The goal of this study was to investigate whether the "warm-up" effect in angina protects against ischemic left ventricular (LV) dysfunction.

BACKGROUND

After exercise, patients with coronary disease demonstrate persistent myocardial dysfunction, which may represent stunning, as well as warm-up protection against further angina, which may represent ischemic preconditioning. The effect of warm-up exercise on LV function during subsequent exercise has not been investigated.

METHODS

Thirty-two patients with multivessel coronary disease and preserved LV function performed two supine bicycle exercise tests 30 min apart. Equilibrium radionuclide angiography was performed before, during and up to 60 min after each test. Global LV ejection fraction and volume changes and regional ejection fraction for nine LV sectors were calculated for each acquisition.

RESULTS

Onset of chest pain or 1 mm ST depression was delayed and occurred at a higher rate-pressure product during the second exercise test. Sectors whose regional ejection fraction fell during the first test showed persistent reduction at 15 min (68 ± 20 vs. 73 ± 20%, p < 0.0001). These sectors demonstrated increased function during the second test (71 ± 20 vs. 63 ± 20%, p = 0.0005). The reduction at 15 min and the increase during the second test were both in proportion to the reduction during the first test. Effects on global function were only apparent when the initial response to exercise was considered.

CONCLUSIONS

The warm-up effect is accompanied by protection against ischemic regional LV dysfunction.

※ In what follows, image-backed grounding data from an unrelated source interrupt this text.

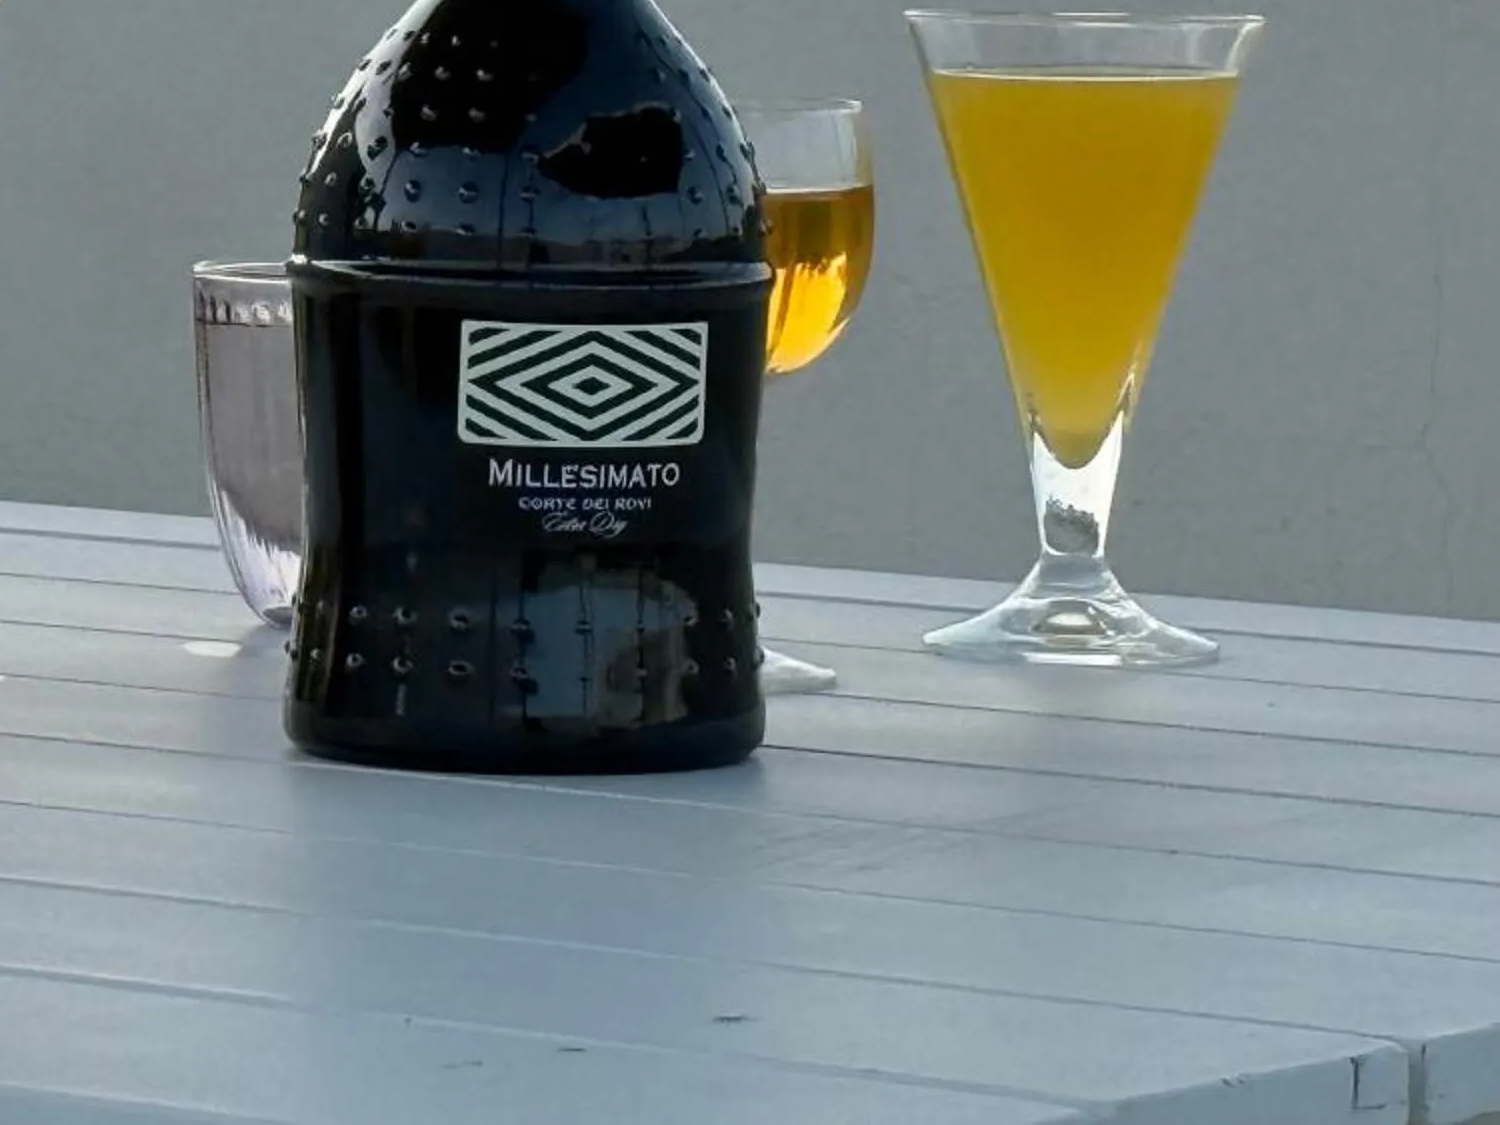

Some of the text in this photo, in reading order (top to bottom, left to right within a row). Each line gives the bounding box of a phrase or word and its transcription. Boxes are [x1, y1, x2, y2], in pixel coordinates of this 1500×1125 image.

[487, 457, 680, 489] MILLESIMATO
[517, 496, 652, 512] CORTE DEI ROVI
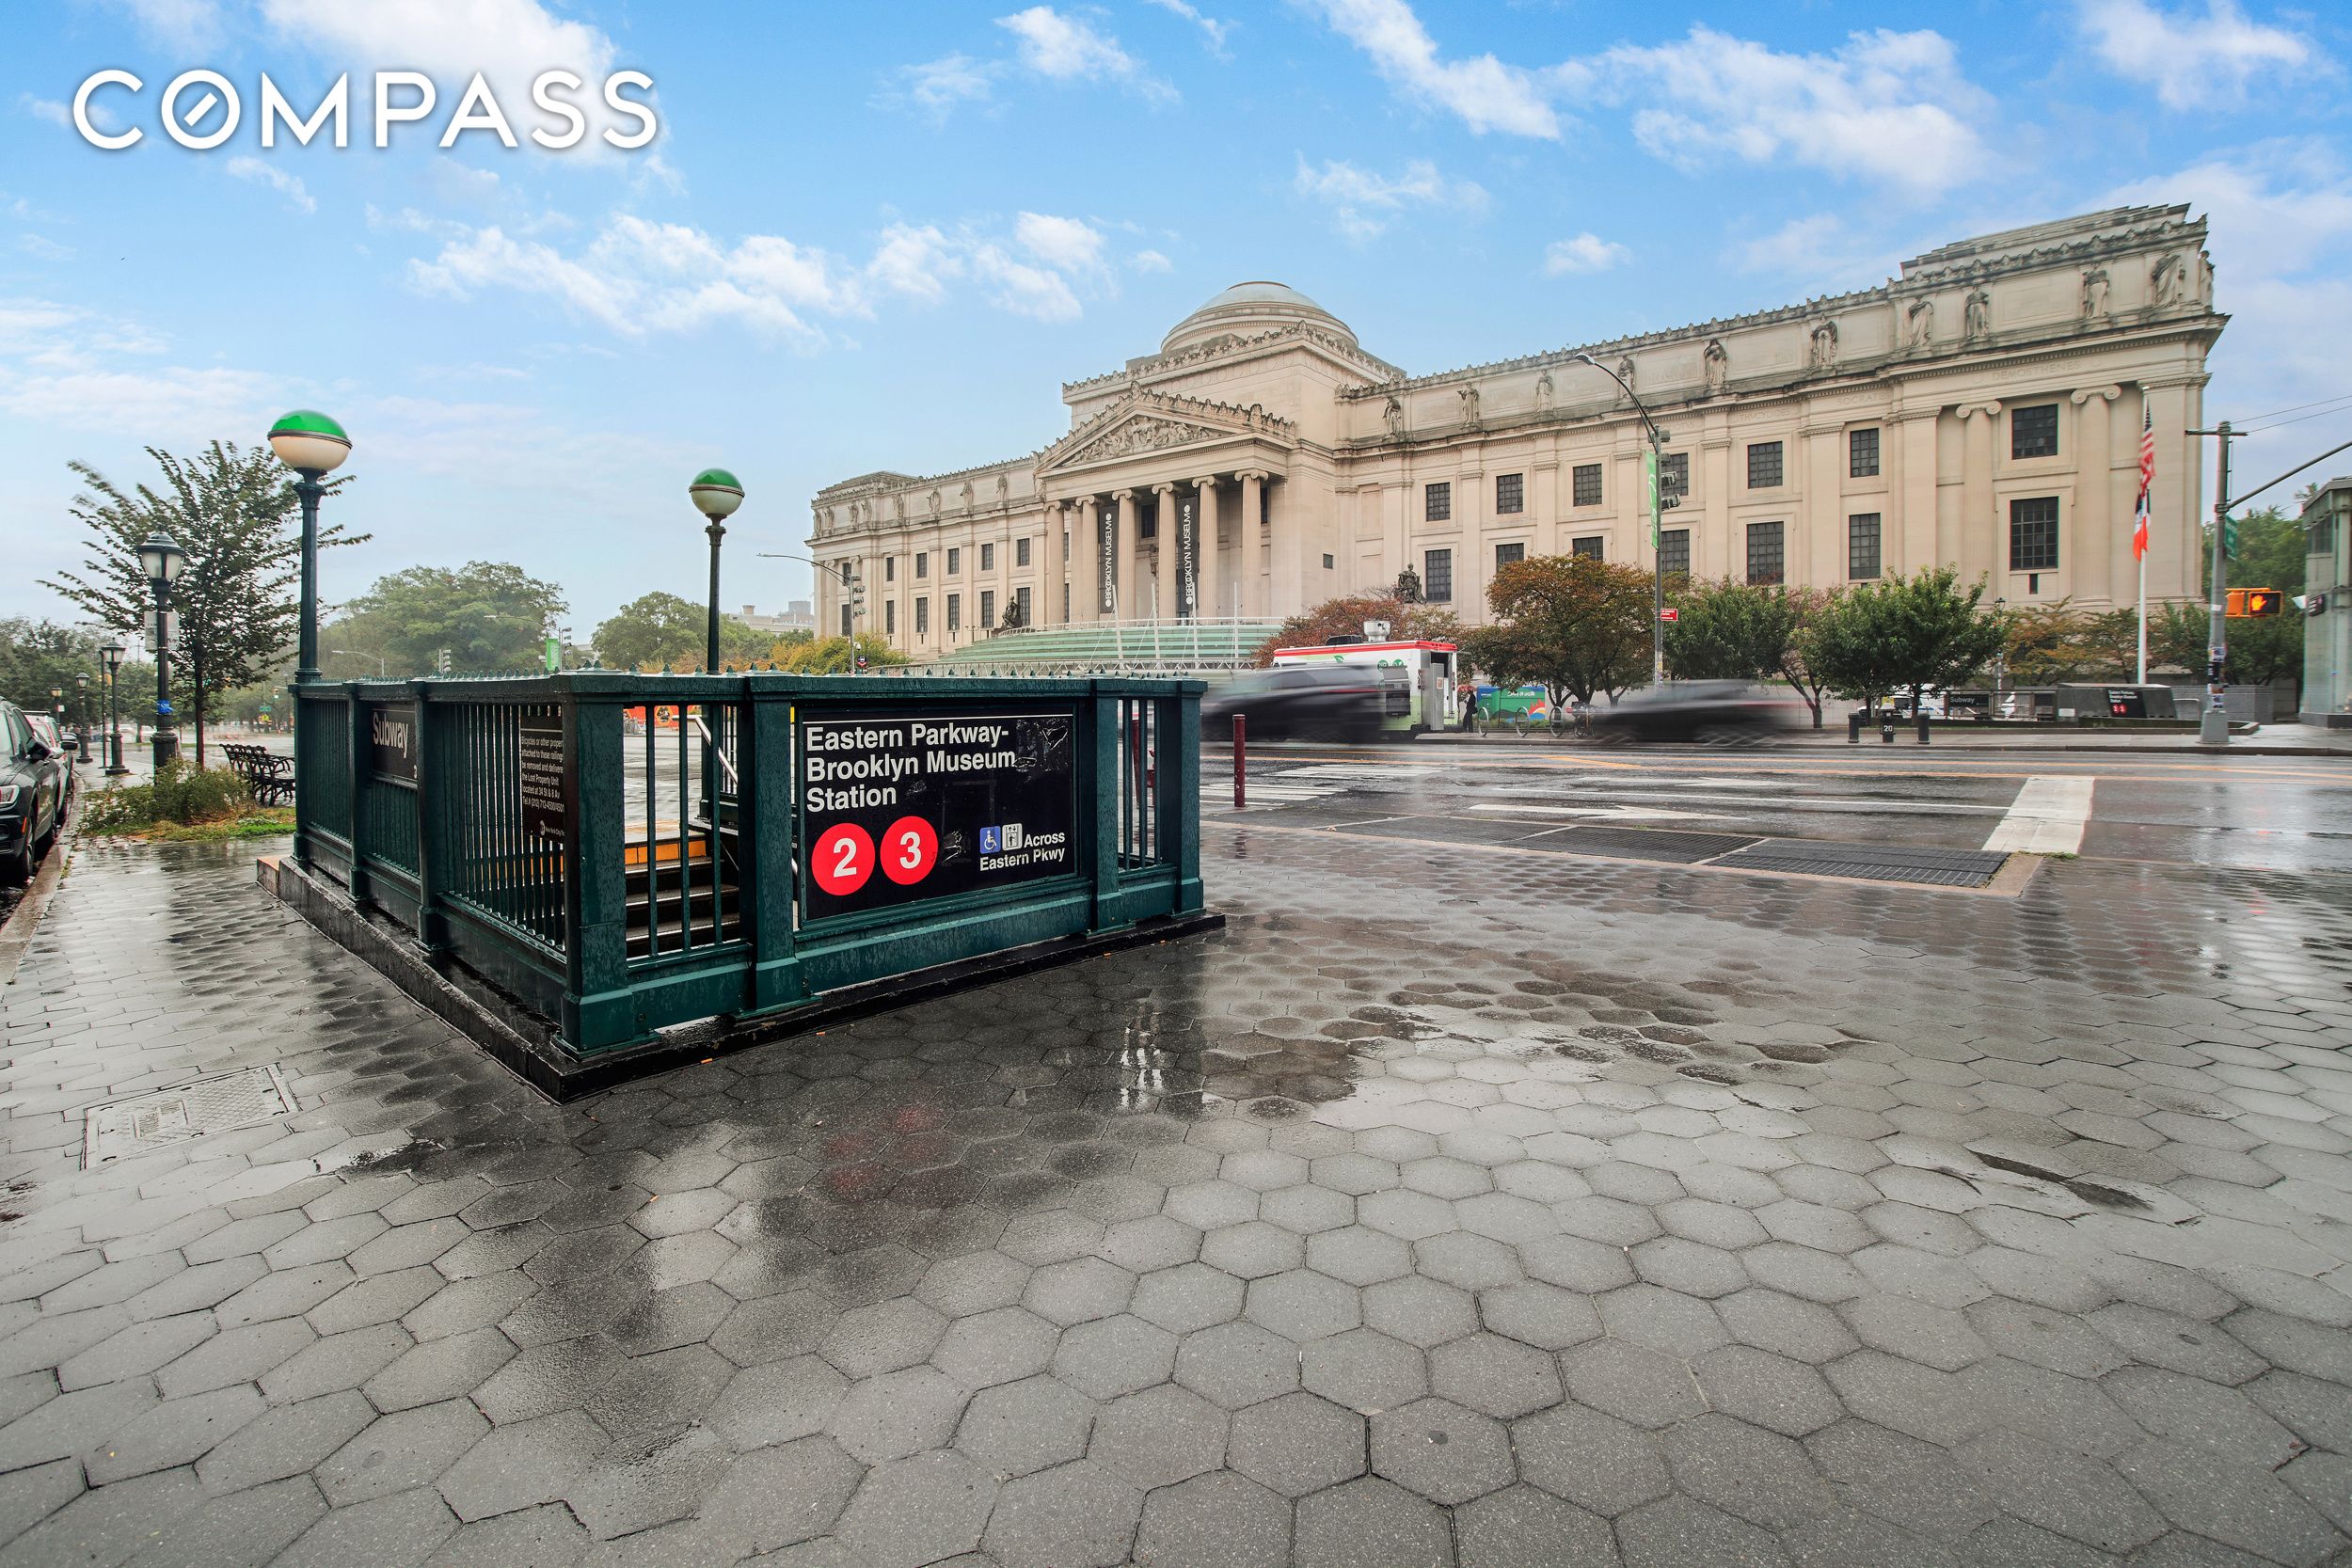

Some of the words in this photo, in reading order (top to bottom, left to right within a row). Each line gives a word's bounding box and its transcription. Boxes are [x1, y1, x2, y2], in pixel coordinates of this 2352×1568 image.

[1184, 552, 1193, 596] BROOKLYN
[1949, 696, 1975, 705] Subway
[373, 711, 409, 758] Subway
[806, 726, 903, 752] Eastern
[911, 721, 1009, 748] Parkway-
[806, 753, 919, 782] Brooklyn
[927, 750, 1016, 773] Museum
[806, 784, 897, 813] Station
[833, 837, 857, 878] 2
[899, 831, 922, 869] 3
[1024, 832, 1065, 848] Across
[979, 853, 1030, 872] Eastern
[1032, 847, 1065, 863] Pkwy

The degree of stunning and protection after exercise is related to the severity of dysfunction during exercise, consistent with results from experimental models.

Abbreviations and Acronyms   ECG = electrocardiogram or electrocardiographic   EDV = end-diastolic volume   EF = ejection fraction   ERNA = equilibrium radionuclide angiography   ESV = end-systolic volume   LV = left ventricle or ventricular   RPP = rate-pressure product

There are important differences of definition between the warm-up effect and ischemic preconditioning. The former involves protection against indirect markers of ischemia (chest pain and ECG changes), whereas the latter represents protection against irreversible myocardial necrosis. Although improvement in echocardiographic indices of left ventricular (LV) function after exercise has been demonstrated, previous studies of the warm-up effect have not looked for protection against ischemic myocardial dysfunction during exercise (7). Systolic dysfunction during exercise is a physiologically meaningful marker of ischemia that might bear closer comparison with ischemic preconditioning.

In order to perform a detailed study of the effect of sequential exercise testing on LV function, it is necessary to use a technique that reproducibly assesses it both globally and regionally. While effects on global function may be more significant clinically, the unpredictability of the response to exercise, even in patients with multivessel coronary disease, makes the ability to assess regional function crucial (8). Equilibrium radionuclide angiography (ERNA) allows resting and exercise global ejection fraction (EF) to be derived with an interstudy variability of approximately 2%, far superior to echocardiography (9). Changes in LV volumes can also be accurately calculated (10). Regional function is assessed by deriving regional EFs for a fixed number of LV sectors with a published interstudy variability of less than 6% (11).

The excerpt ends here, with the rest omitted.